Assignment:
Leave every picture out, then reproduce the rest of the listing exactly.

Exercise data:
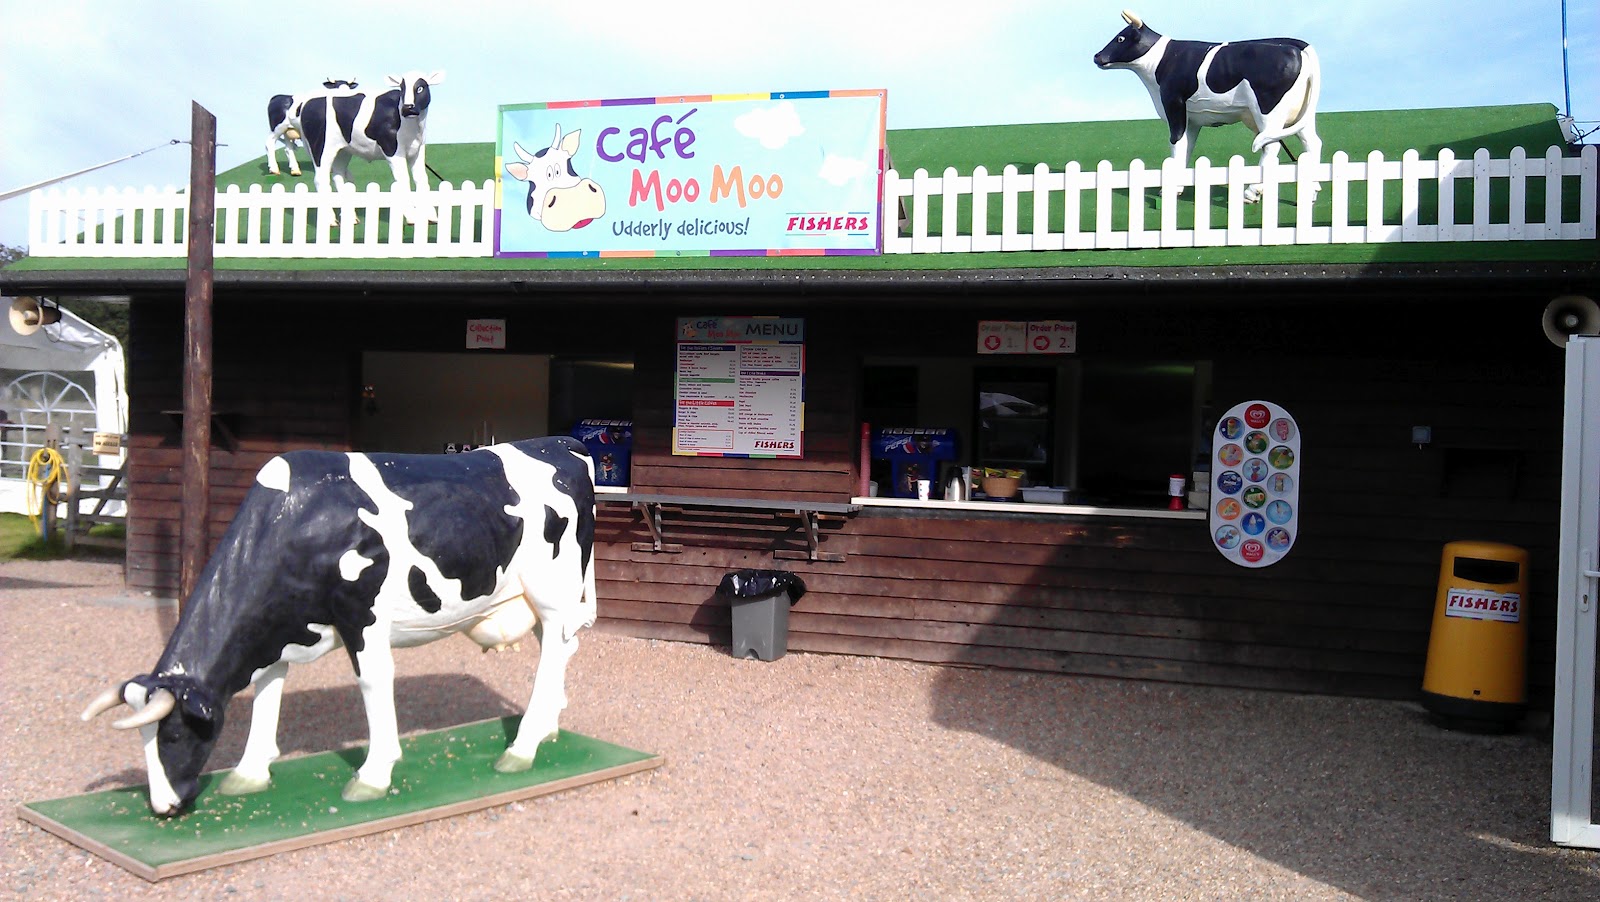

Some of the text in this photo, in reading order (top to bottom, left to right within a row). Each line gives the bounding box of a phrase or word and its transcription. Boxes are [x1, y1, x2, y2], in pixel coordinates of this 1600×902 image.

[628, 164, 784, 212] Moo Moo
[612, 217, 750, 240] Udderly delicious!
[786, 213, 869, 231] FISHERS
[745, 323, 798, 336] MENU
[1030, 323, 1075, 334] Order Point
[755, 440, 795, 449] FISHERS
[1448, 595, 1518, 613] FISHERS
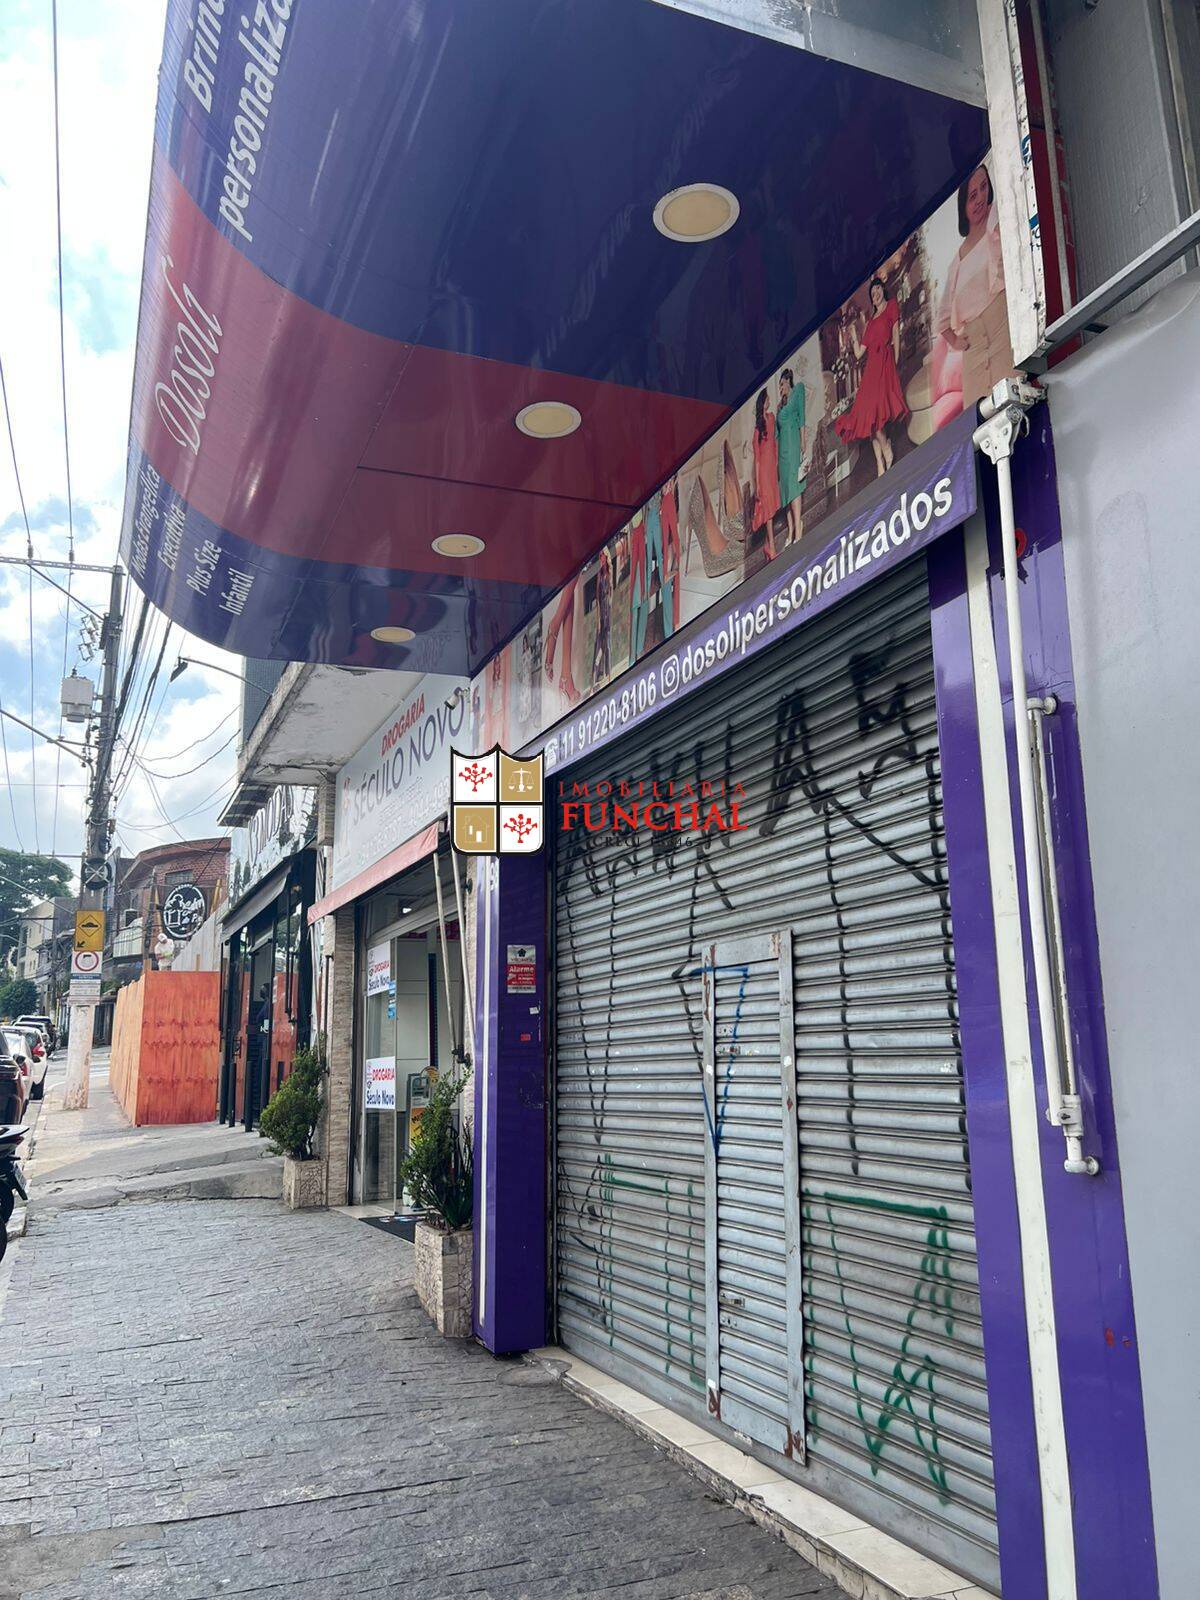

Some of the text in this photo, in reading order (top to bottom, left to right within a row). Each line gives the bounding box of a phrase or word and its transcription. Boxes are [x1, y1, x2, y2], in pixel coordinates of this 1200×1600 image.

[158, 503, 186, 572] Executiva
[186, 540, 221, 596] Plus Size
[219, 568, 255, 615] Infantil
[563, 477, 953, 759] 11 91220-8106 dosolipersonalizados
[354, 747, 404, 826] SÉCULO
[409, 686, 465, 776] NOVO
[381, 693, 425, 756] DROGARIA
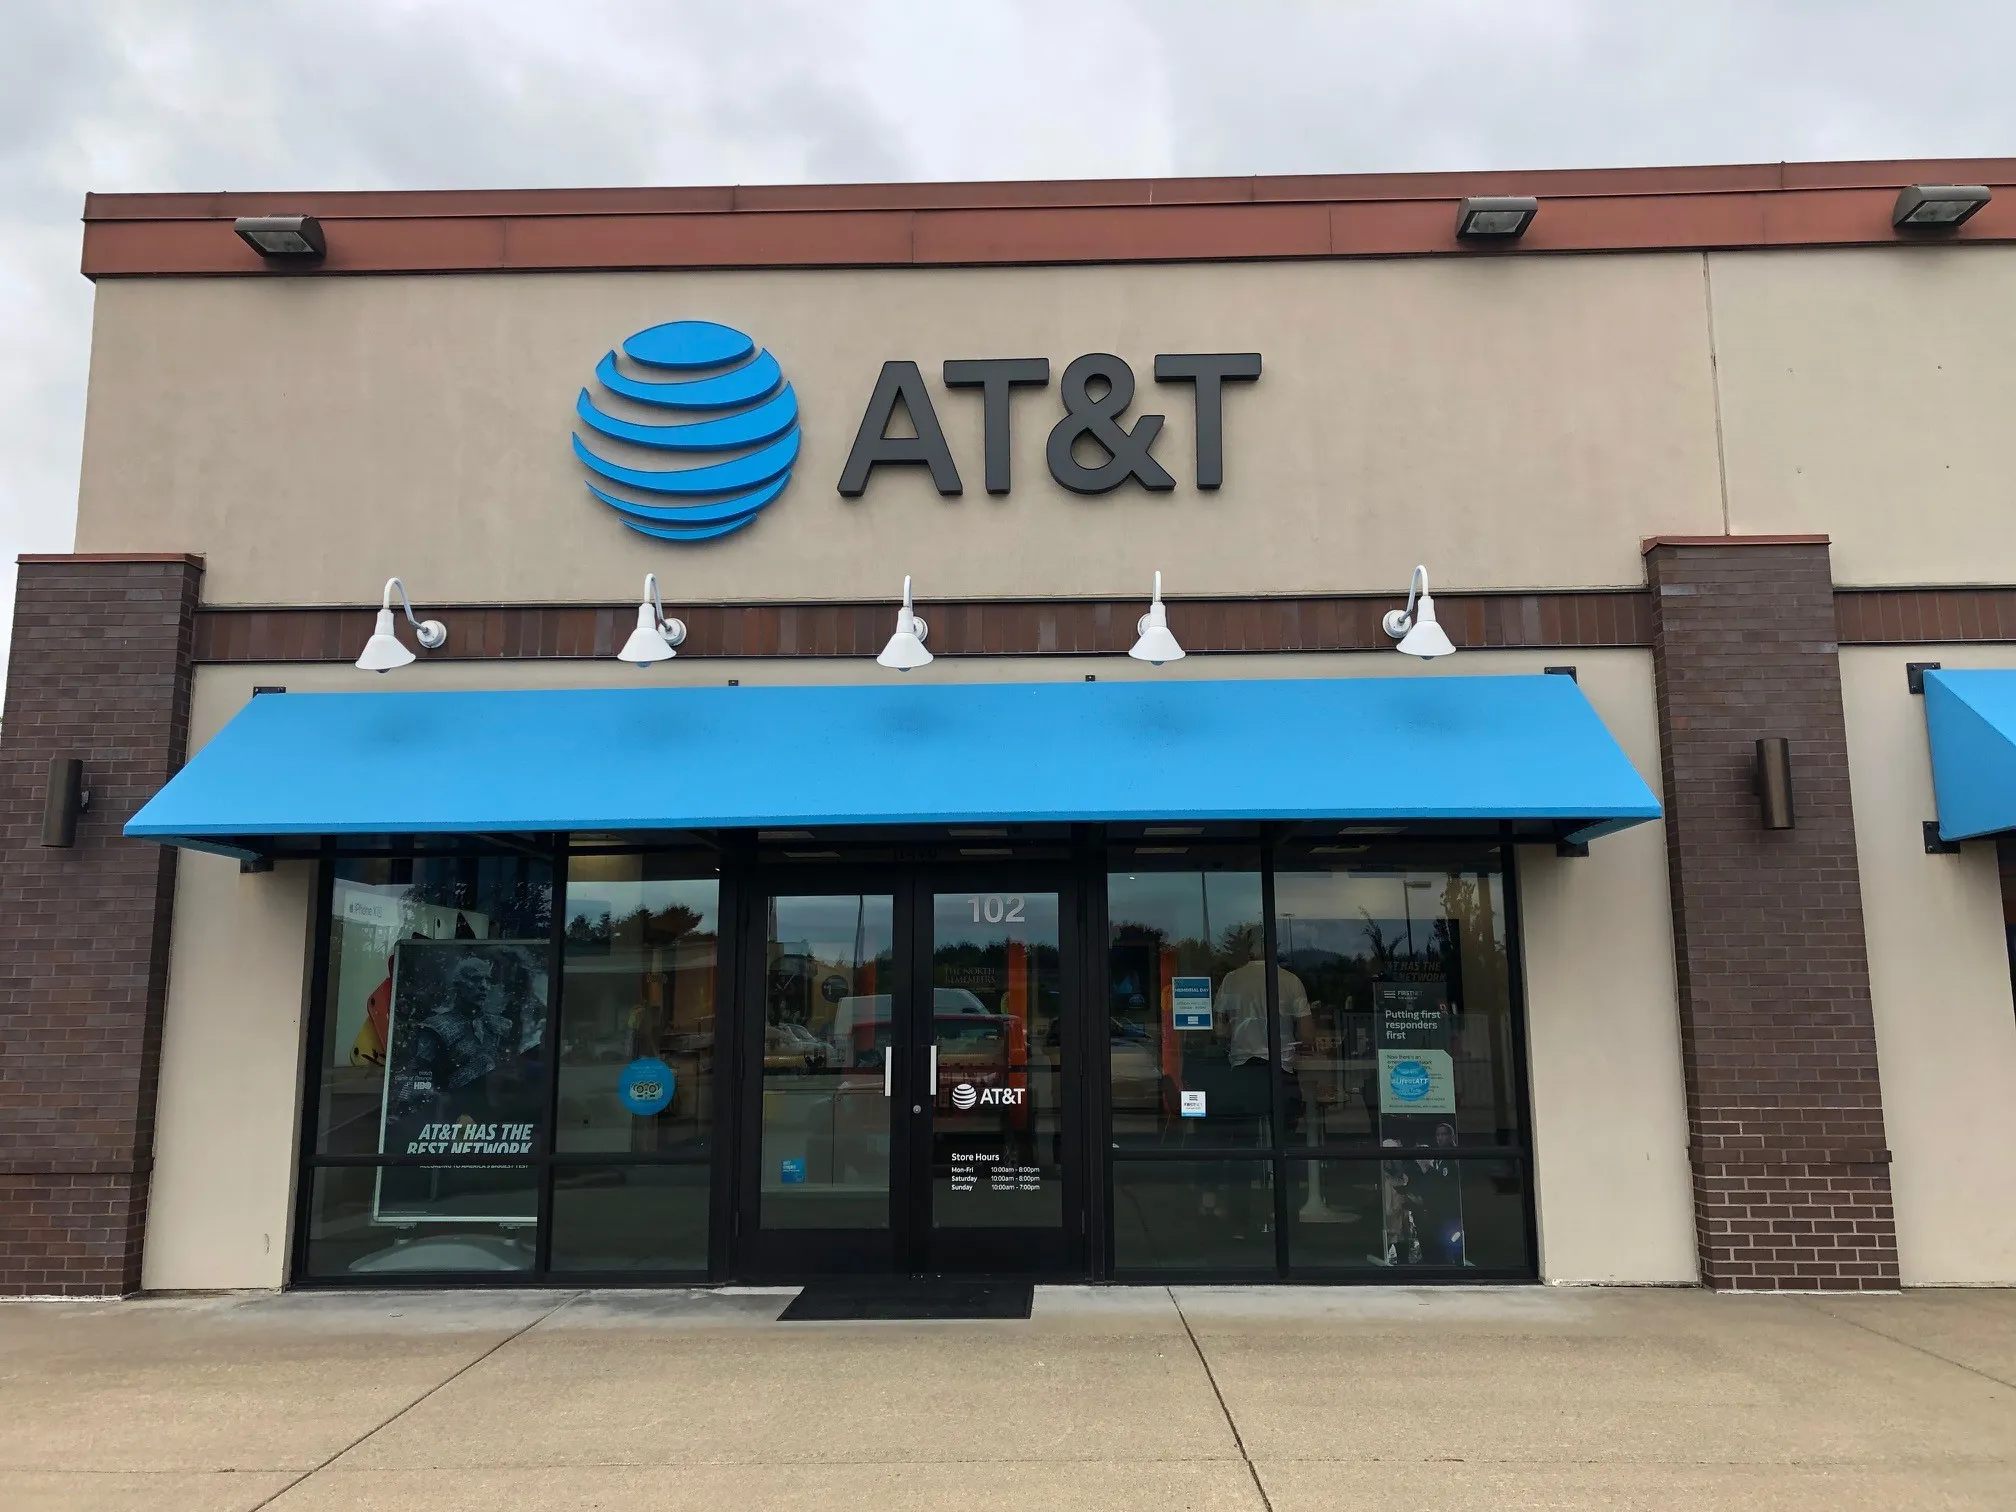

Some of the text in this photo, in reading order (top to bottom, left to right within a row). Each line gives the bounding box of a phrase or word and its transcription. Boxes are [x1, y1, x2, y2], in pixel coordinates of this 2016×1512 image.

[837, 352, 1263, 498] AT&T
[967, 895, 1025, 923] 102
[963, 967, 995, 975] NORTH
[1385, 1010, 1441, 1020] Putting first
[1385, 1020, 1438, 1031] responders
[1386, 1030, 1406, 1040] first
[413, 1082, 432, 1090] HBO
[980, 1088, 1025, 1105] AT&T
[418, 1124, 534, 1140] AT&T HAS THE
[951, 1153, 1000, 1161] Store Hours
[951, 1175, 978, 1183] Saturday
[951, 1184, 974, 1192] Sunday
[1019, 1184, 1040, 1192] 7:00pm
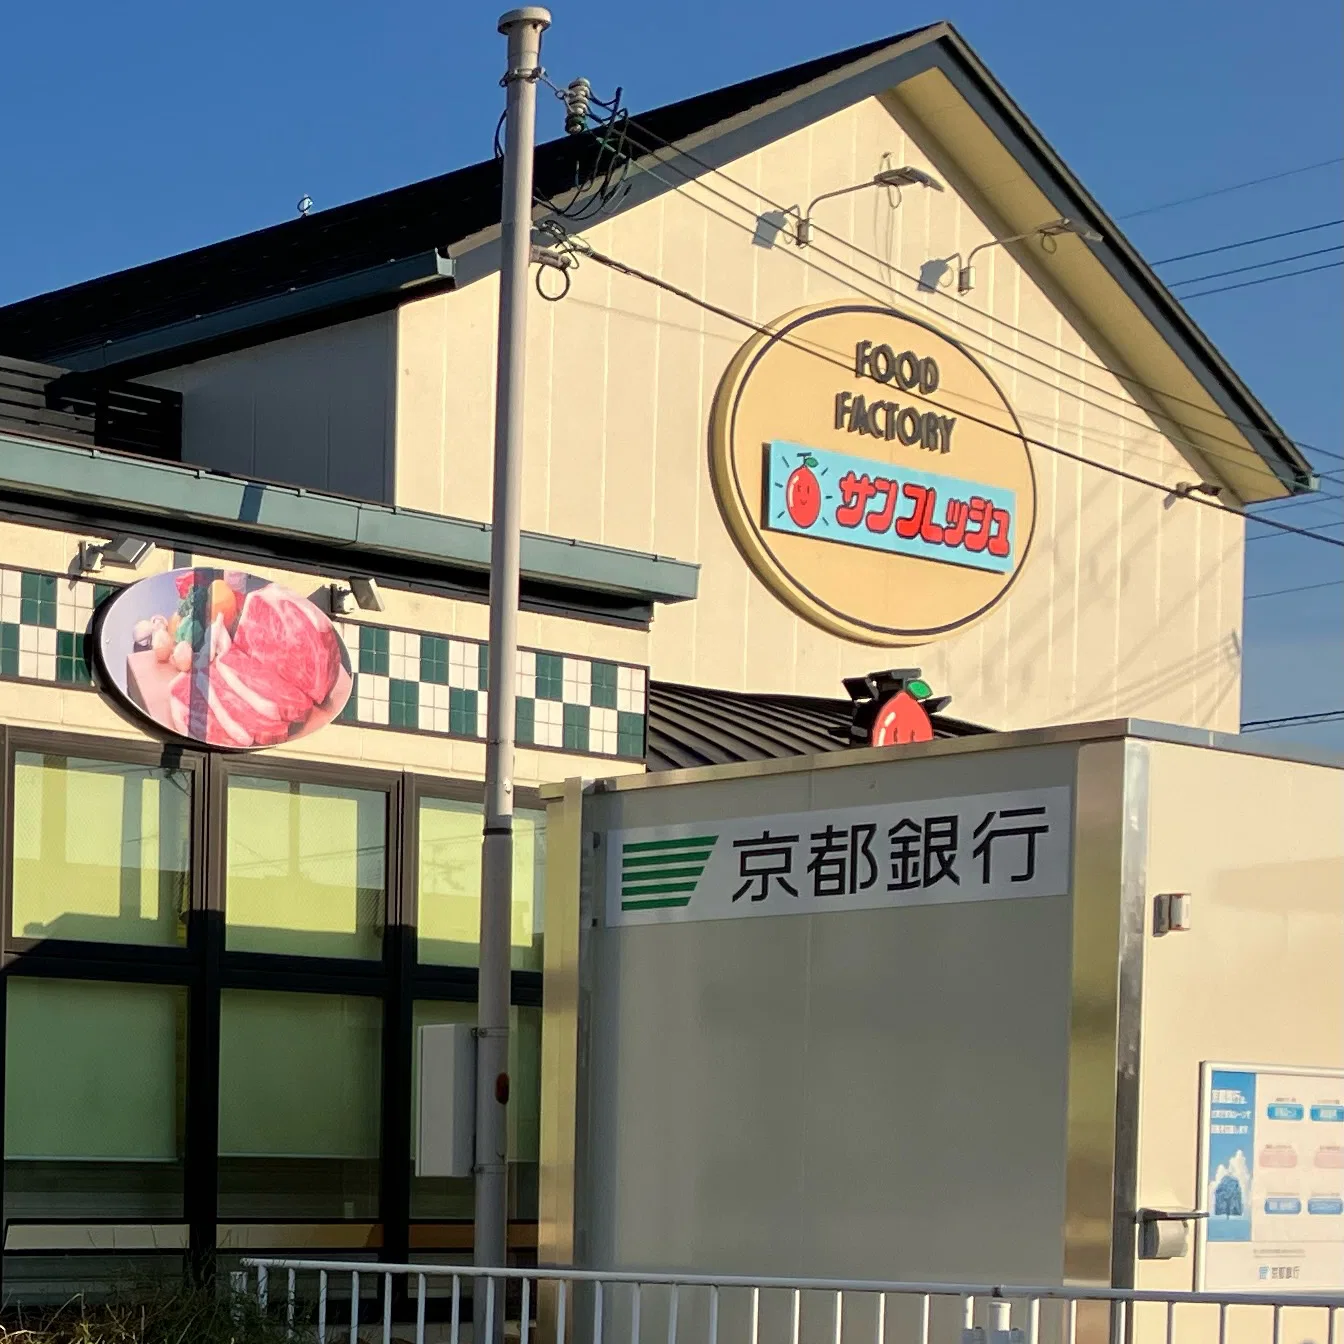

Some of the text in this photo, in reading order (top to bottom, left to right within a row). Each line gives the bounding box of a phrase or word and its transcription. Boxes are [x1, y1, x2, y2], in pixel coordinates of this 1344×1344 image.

Written answer:
Some of the text in this photo, in reading order (top to bottom, left to right within a row). Each line gives the bounding box of a phrase or word and its transcription. Boxes are [x1, y1, x2, y2], in pixel coordinates of this 1600×902 image.

[628, 164, 784, 212] Moo Moo
[612, 217, 750, 240] Udderly delicious!
[786, 213, 869, 231] FISHERS
[745, 323, 798, 336] MENU
[1030, 323, 1075, 334] Order Point
[755, 440, 795, 449] FISHERS
[1448, 595, 1518, 613] FISHERS

Some of the text in this photo, in reading order (top to bottom, left to right within a row). Each line gives the bounding box of a phrase or word and its transcription. Boxes are [x1, y1, x2, y2], in pixel coordinates of this 1200×1600 image.

[158, 503, 186, 572] Executiva
[186, 540, 221, 596] Plus Size
[219, 568, 255, 615] Infantil
[563, 477, 953, 759] 11 91220-8106 dosolipersonalizados
[354, 747, 404, 826] SÉCULO
[409, 686, 465, 776] NOVO
[381, 693, 425, 756] DROGARIA

Some of the text in this photo, in reading order (top to bottom, left to right within a row). Each line gives the bounding box of a phrase or word and its transcription. Boxes are [x1, y1, x2, y2], in pixel coordinates of this 2016×1512 image.

[837, 352, 1263, 498] AT&T
[967, 895, 1025, 923] 102
[963, 967, 995, 975] NORTH
[1385, 1010, 1441, 1020] Putting first
[1385, 1020, 1438, 1031] responders
[1386, 1030, 1406, 1040] first
[413, 1082, 432, 1090] HBO
[980, 1088, 1025, 1105] AT&T
[418, 1124, 534, 1140] AT&T HAS THE
[951, 1153, 1000, 1161] Store Hours
[951, 1175, 978, 1183] Saturday
[951, 1184, 974, 1192] Sunday
[1019, 1184, 1040, 1192] 7:00pm

Some of the text in this photo, in reading order (top to bottom, left to right within a row). Each line gives the bounding box of a phrase or word and its transcription. Boxes are [x1, y1, x2, y2], in pixel coordinates of this 1344×1344 image.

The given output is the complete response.